▶ _What you will do_
Every entry in the data that follows should come back exactly, pictures aside.

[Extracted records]
********

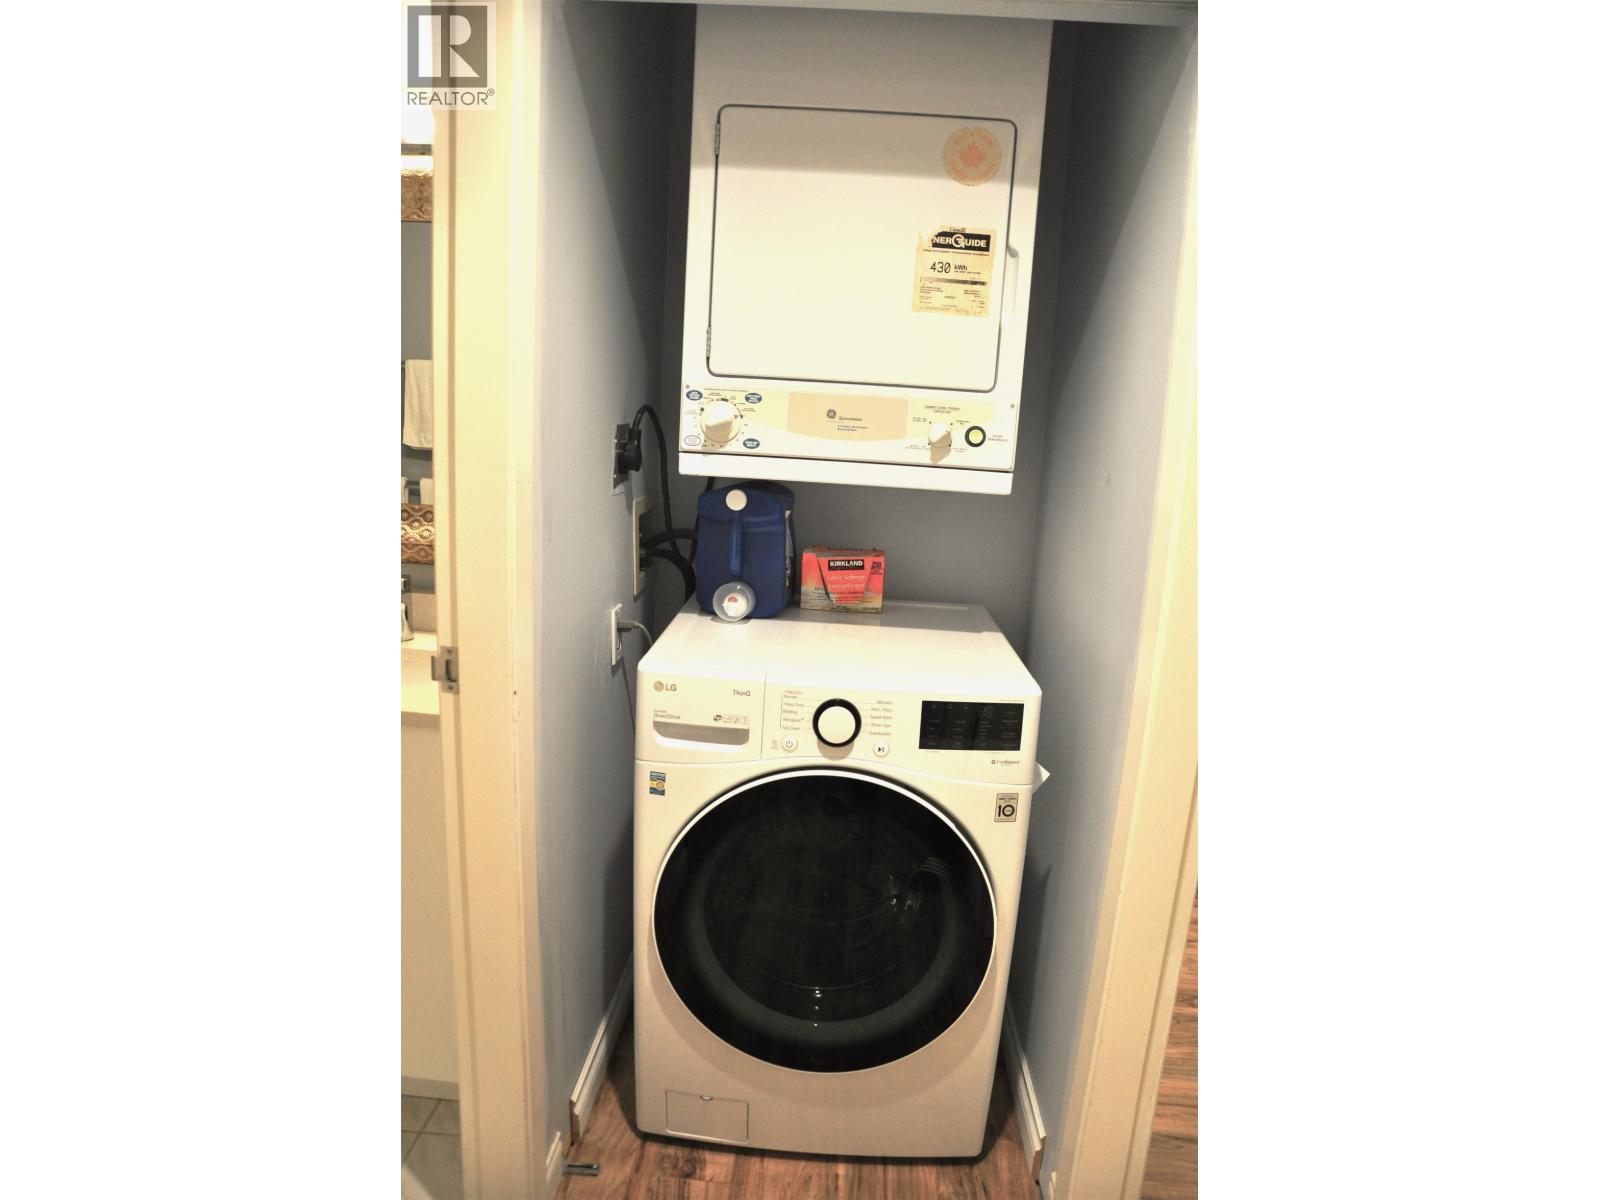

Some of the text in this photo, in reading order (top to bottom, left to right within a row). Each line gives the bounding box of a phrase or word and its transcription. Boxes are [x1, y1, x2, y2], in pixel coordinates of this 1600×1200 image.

[932, 234, 987, 248] NERGUIDE
[930, 261, 951, 274] 430
[665, 683, 677, 692] LG
[732, 689, 751, 697] ThinQ
[998, 804, 1015, 817] 10

********

▶ _Finished task_
Some of the text in this photo, in reading order (top to bottom, left to right within a row). Each line gives the bounding box of a phrase or word and its transcription. Boxes are [x1, y1, x2, y2], in pixel coordinates of this 1600×1200 image.

[932, 234, 987, 248] NERGUIDE
[930, 261, 951, 274] 430
[665, 683, 677, 692] LG
[732, 689, 751, 697] ThinQ
[998, 804, 1015, 817] 10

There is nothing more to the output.